Donc, il s'agissait d'organiser les choses pour que notre démocratie interne vive bien. Je suis ravie que Marine Tondelier soit notre secrétaire nationale. Je ne lui envie pas le poste. -J'évoquais vos capacités de mobilisation.
Il y a aussi vos capacités d'organisation. En 2023, on vous a confié l'organisation des Journées d'été des écologistes. Vous avez eu l'idée d'inviter le rappeur Médine, qui a été accusé d'antisémitisme à la suite d'un tweet qu'il a publié peu avant les Journées d'été.
Si c'était à refaire, vous le referiez ? -Ecoutez, moi j'ai eu des discussions très franches avec Médine au moment où il a fait son tweet, il a reconnu ensuite cette...
Alors, c'était pas une maladresse, des propos inadaptés, la blessure que cela pouvait engendrer...
Et je crois qu'en réalité, quand on a des porte-voix qui nous disent que sur un sujet ils se sont trompés, qu'ils ont fait le chemin et qu'ils nous explicitent ce chemin, on gagne beaucoup à les écouter. Ca a été un moment qui a suscité énormément de polémiques. Et je comprends aisément pourquoi est-ce que cette invitation avait surpris un bon nombre de personnes.
Mais quand on l'a écouté, voilà, d'une certaine manière s'excuser aussi, eh bien, c'est important de pouvoir le faire publiquement. Et on lui a donné l'occasion, on a donné l'occasion aussi aux personnes qui se sont senties blessées, notamment notre groupe de travail sur la lutte contre l'antisémitisme, de pouvoir dialoguer avec lui et de lui expliquer en quoi ses propos étaient problématiques. -Vous aviez raté de peu votre élection en 2022.
En 2024, vous avez pris votre revanche, en quelque sorte, sur votre adversaire, l'ancien ministre Stanislas Guerini. Qu'est-ce qui a fait la différence, cette fois, selon vous ? -Plusieurs éléments.
Tout d'abord, un travail de terrain. Ca faisait deux ans qu'on continuait à être sur le terrain de la troisième circonscription. Je dis "on" parce que, vraiment, ça a été un travail collectif des militantes et des militants de 2022 qui ont poursuivi l'aventure en 2024.

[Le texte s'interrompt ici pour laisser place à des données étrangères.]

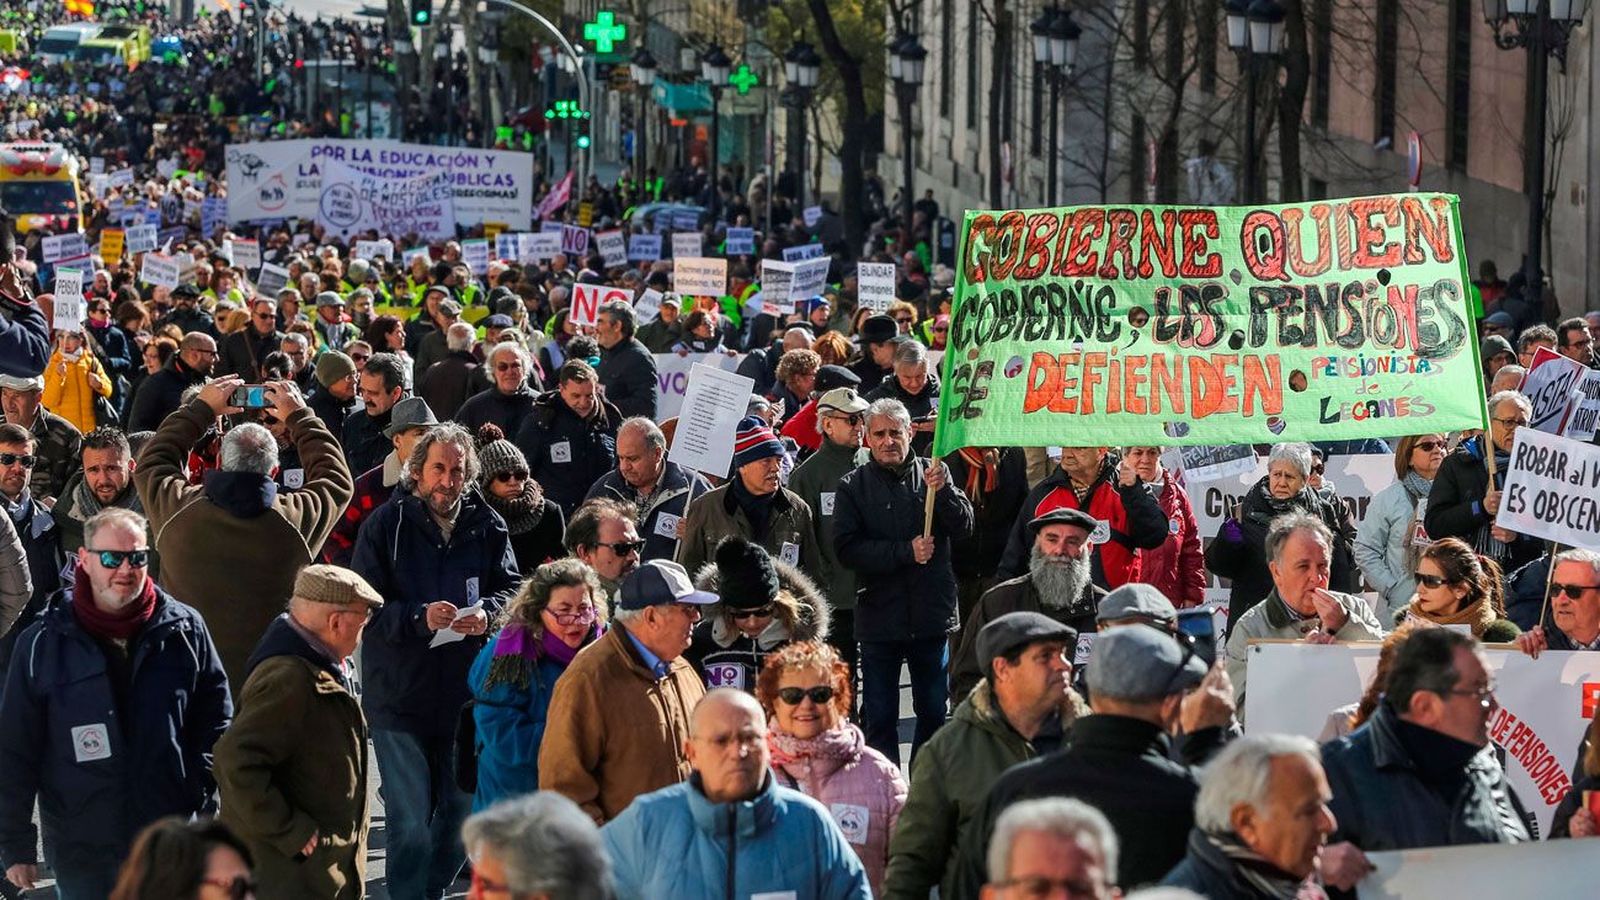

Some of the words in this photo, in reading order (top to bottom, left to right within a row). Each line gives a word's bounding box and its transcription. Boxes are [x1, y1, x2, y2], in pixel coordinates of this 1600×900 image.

Ca, c'est le premier élément. Le deuxième élément, c'est le contexte politique où je crois qu'il y a eu un ras-le-bol de la pratique du pouvoir par Emmanuel Macron. Et je l'ai vu, je l'ai entendu dans la rue, des gens me dire : "Je n'ai pas voté pour vous en 2022, mais en 2024, c'est sûr, allez-y, vous avez notre confiance, on en a marre de celles et ceux qui piétinent les institutions, nos pratiques républicaines." -On va passer à notre quiz, si vous voulez bien.
Le principe, c'est que je vais vous proposer des phrases et vous allez devoir les compléter. Alors, on commence avec : Faire campagne en plein congé maternité... -Sport.
Très, très sport. -Vous avez vécu. -Oui, c'est ça.
J'étais en congé maternité et moi, toutes les trois heures, je rentrais à la maison pour allaiter mon fils, tirer mon lait, etc. Je crois que c'est sport, mais ça donne un...
Je ne dirais pas que ça donne un sens parce que ça fait un peu pédant de dire ça, mais quand on rentre à la maison, on se dit : "Je sais pourquoi je le fais quand même." -Le plus dur quand on est porte-parole... -Elle réfléchit C'est de ne pas se tromper.
Parce qu'on est interrogé sur l'ensemble des sujets qui intéressent le groupe. -Ca demande du boulot. -Oui, ça demande du boulot.
Et puis d'être sûr de rendre fiers les gens qui nous ont donné leur confiance. Donc non, non, il ne faut pas se tromper. -Enfin, pour terminer.
To be or not to be ? La suite ? -Eh bien, c'est drôle, vous avez mis "To be free". -"To be free", pardon. -Ils rient -"2Be3", qui fait partie de mes groupes...
Moi, je préférais "Alliage", pour toutes celles et ceux qui... -Ah oui ?
Dans une interview, je disais que vous étiez fan des "2Be3". -Non, mais j'aime beaucoup les "2Be3". Je... -Ca, c'était une de leurs chansons, "To be free or not to be". -C'est vrai, c'est vrai.
Voilà, j'aime beaucoup. Non, je l'avais... -C'était plus "Alliage"... -Oui.
Mais parce qu'ils étaient plus, peut-être. Je ne sais pas, parce qu'il y avait plus de...
Je crois que je les trouvais plus jolis. Ca devait être ça. -Merci, Léa Balage El Mariky d'être venue dans La Politique et moi. -Merci à vous.